April 2020 – Cindy’s (Yue Yin) paper on the new phosphoesterase activity of Sts-1 was just accepted for publication in the Journal of Biological Chemistry. Great work Cindy, and thanks to our collaborators from the Carpino lab at Stony Brook University. This paper details the discovery and initial functional characterization of a relatively unprecedented 2′,3′-cyclic nucleotide 2′-phosphodiesterase activity catalyzed by Sts-1. We also showed that the new domain of Sts-1, called the PDE domain, is implicated in negative regulation of specific cell signaling pathways.

The dinucleotide 2′,3′-cyclic NADP is hydrolyzed by the PDE domain of Sts-1 to yield an acyclic dinucleotide product (left).
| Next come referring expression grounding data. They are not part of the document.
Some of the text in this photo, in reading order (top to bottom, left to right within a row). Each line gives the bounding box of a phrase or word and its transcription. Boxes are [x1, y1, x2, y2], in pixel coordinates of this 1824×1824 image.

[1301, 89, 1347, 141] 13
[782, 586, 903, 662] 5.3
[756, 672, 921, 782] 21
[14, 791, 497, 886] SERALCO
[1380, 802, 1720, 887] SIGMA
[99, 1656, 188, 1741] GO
When compared to standards, the sole product that is produced is identified as 3′-NADP (middle). Although not a fast reaction, the rate saturates (right), indicating that this reaction is enzyme catalyzed. While there are other 2′-cyclic phosphoesterases in microbes, the unusual stereochemical and regiochemical selectivity of this enzyme is relatively unprecedented in humans.

April 2020 – Congratulations to Jerome for being awarded an Angela & Dexter Bailey award to support his research for the summer of 2020! Jerome is an undergraduate at SBU who has been working hard in the lab for the last year. He will be working remotely this summer on a modeling project involving the EBV and KSHV tegument proteins that are homologous to the purine biosynthetic protein, FGAMS.

March 2020 – Humberto, Raja and Jarrod helped out with the ‘Scientists helping Students’ day at the Hormel Institute. All of Austin’s 6th graders visited the institute today and learned about the exciting research and the tools that we used. Their visit included, among other things, a demonstration of 3D visualization techniques, a viewing of our new Titan Krios Cryo-EM, and fun with some hands-on science experiments. It was a great day and we hopefully inspired a few of the next generation of scientists.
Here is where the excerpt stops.